Figure 4 illustrates the fluorescence excitation-emission matrix (FEEM) of the hydrophilic and lipophilic extracts derived from the LTL muscle of Braford steers, contrasting the impact of aging between 2- and 21-day samples across both feeding regimens. In the case of the hydrophilic extracts, a sole fluorescence peak was discerned at excitation/emission wavelengths of 285 nm/332 nm. This fluorescence signature is characteristic of partially buried tryptophan (Trp) residues in proteins (Andersen et al., 2018; Liu et al., 2019), given that the fluorescence maximum of Trp in aqueous media is red-shifted to 345 nm (Supplementary Figure S1). In the presence of oxidizing agents, Trp residues can undergo several different degradation pathways, with the final oxidized product dependent on the nature of the oxidant precursor (Bellmaine et al., 2020). The majority of oxygenated Trp degradation products exhibit a red-shifted fluorescent emission band. For example, kynurenine and N-formylkynurenine display emission maximums at 480 nm and 434 nm, respectively (Fukunaga et al., 1982). Furthermore, the formation of advanced Maillard products exhibits a FEEM peak with excitation/emission wavelengths at 320 nm/380 nm, as previously observed in Japanese black cattle meat stored in sealed plastic bags (Liu et al., 2019). In contrast, in the present case, the constant FEEM fingerprint of the hydrophilic extracts, irrespective of the feeding system and aging period, provides compelling evidence that the buried Trp residues in the extracted proteins were effectively protected from any oxidative damage under the vacuum packing storage condition. Accordingly, the slight increase in carbonyl content observed during the aging process (Figure 1D) may be attributed to the oxidation of other protein residues exposed to the media and yield no fluorescent derivatives.

Figure 4

Figure 4. Fluorescence excitation-emission matrix (FEEM) spectra of hydrophilic (top panel) and lipophilic (bottom panel) extracts of samples of longissimus thoracis et lumborum (LTL) muscle from Braford steers fed ad libitum on pasture (P) and pasture supplemented with corn silage (PS), vacuum-packed at 2°C for 2 and 21 days.

Conversely, the FEEM fingerprint of the lipophilic extract from the LTL muscle of Braford steers displayed a distinctive 3D fluorescence topography. The grass-fed and corn silage-supplemented animals exhibited a prominent FEEM peak at excitation/emission wavelengths of 355/434 nm. This observed FEEM corresponded to that of the neat vitamin D (see Supplementary Figure S1). However, with the progression of aging from 2 to 21 days, the intensity of this FEEM band demonstrated a notable decline, reaching approximately 74% and 59% reductions in the grass-fed and supplemented animals, respectively. This result suggests the potential degradation of vitamin D during the storage period, which correlates with the decrease in the antioxidant capacity of the lipid extracts with the days of aging (Figures 2B, C). The loss of vitamin D, together with other lipid-soluble antioxidants, may also be responsible for the increased degradation of lipids (Figures 1C, D). Interestingly, Liu et al. (2019) reported that for n-hexane extracts of adipose tissue from Japanese black cattle meat stored in sealed plastic bags for 24 days, a newly formed peak at 385 nm/470 nm, which was attributed to conjugated Schiff base compounds formed by auto-oxidation reactions within the meat.
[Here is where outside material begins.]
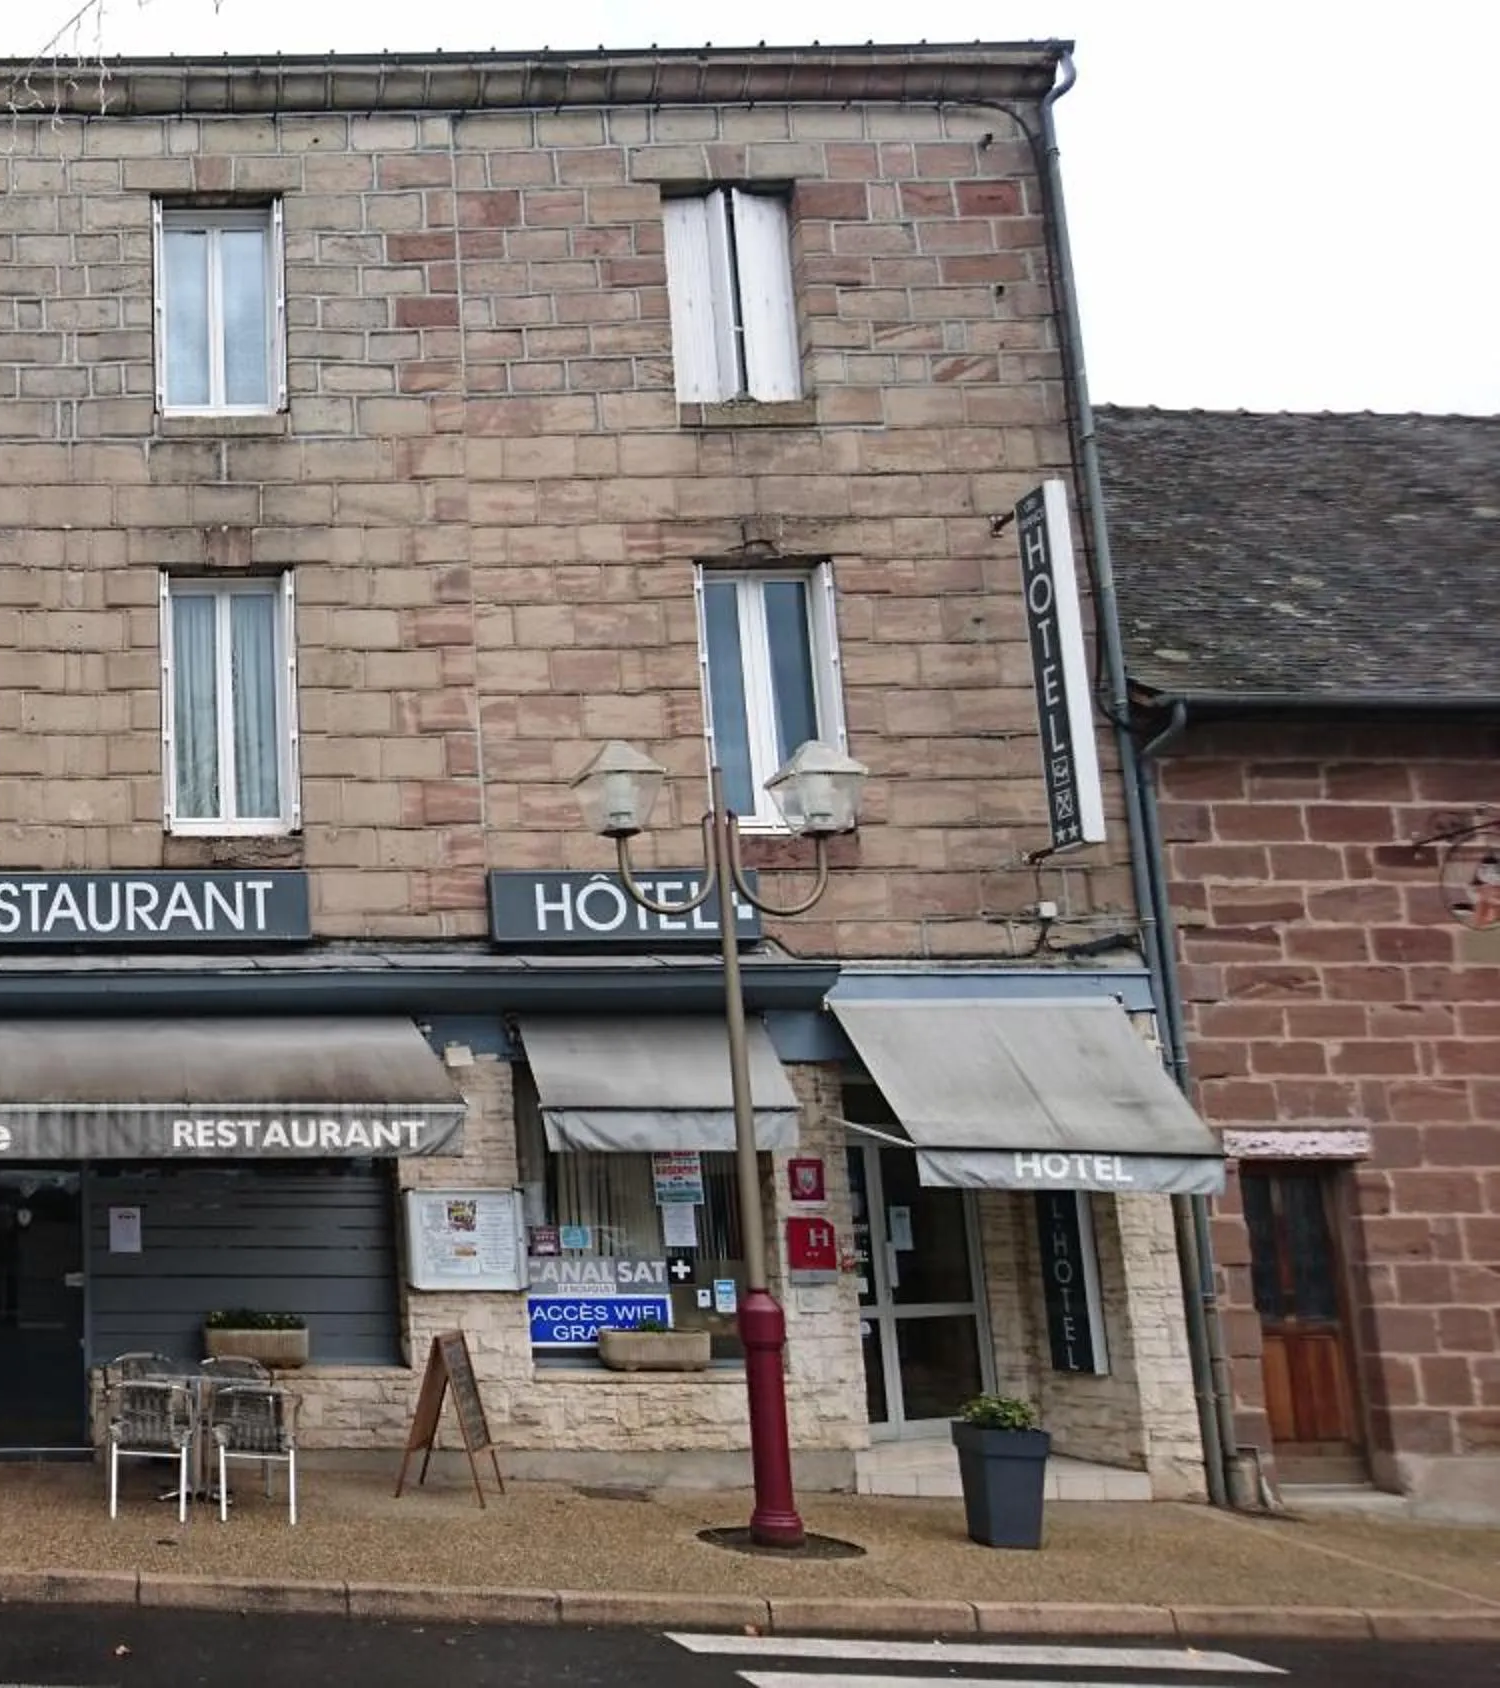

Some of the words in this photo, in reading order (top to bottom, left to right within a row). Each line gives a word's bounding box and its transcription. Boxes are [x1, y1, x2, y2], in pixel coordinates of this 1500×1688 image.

Therefore, the method of post-mortem meat preservation plays a role in the type and amount of lipophilic off-flavor compounds, which can be easily monitored by the evolution of FEEM fingerprints (Islam et al., 2020).

Myoglobin content

Figure 5 illustrates the variation in the percentage of heme pigments from the LTL muscle of Braford steers obtained from both feeding systems during the aging period (Supplementary Table S2). It can be observed that there was a concomitant decrease in metmyoglobin (% MMb, Figure 5A) and an increase in oxymyoglobin (%OxMb, Figure 5B) with aging, while deoxymyoglobin (%DMb, Figure 5C) remained constant. Similar behavior was observed for the longissimus dorsi Pirenaica bulls at 14 days of age (Beriain et al., 2009), in semimembranosus muscle after 1 h of blooming in Holstein-Friesian × Simmental crossbred bulls at 21 days of age (Wyrwisz et al., 2016), and also in longissimus thoracis Nellore and Aberdeen Angus bulls during 21 days of aging (Aroeira et al., 2017). The elevated initial values of %MMb observed in the present study may be attributed to prolonged storage in frozen conditions, as previously described by Henriot et al. (2020). In strip loins frozen for up to six months, %MMb has been shown to increase from approximately 25% to 35%. These authors have proposed that the observed increase in MMb is due to a reduction in metmyoglobin-reducing enzymes. On the other hand, the increase in %OxMb during aging has been previously explained by Aroeira et al. (2017) as a reduction in the oxygen consumption rate, which is related to residual post-mortem mitochondrial respiration. In this sense, it has been suggested that during the early storage period under aerobic conditions at low temperatures, the depth of oxygen penetration in meat increases due to a decrease in tissue oxygen consumption by mitochondria and better oxygen diffusion. The combined effect of these processes is that oxygen penetrates more deeply into the meat, oxygenating the myoglobin. This is the mechanism by which the percentage of %OxMb increases during the aging process (Beriain et al., 2009).

Figure 5

Figure 5. Variation in heme pigments with days of aging of LTL muscle from Braford steers stored in vacuum package at 2°C fed ad libitum grass (P) or grass supplemented with corn silage (PS). (A) Proportion of Metmyoglobin (%MMb), (B) oxymyoglobin (%OxMb), (C) deoxymyoglobin (%DMb), and (D) total myoglobin (Mb).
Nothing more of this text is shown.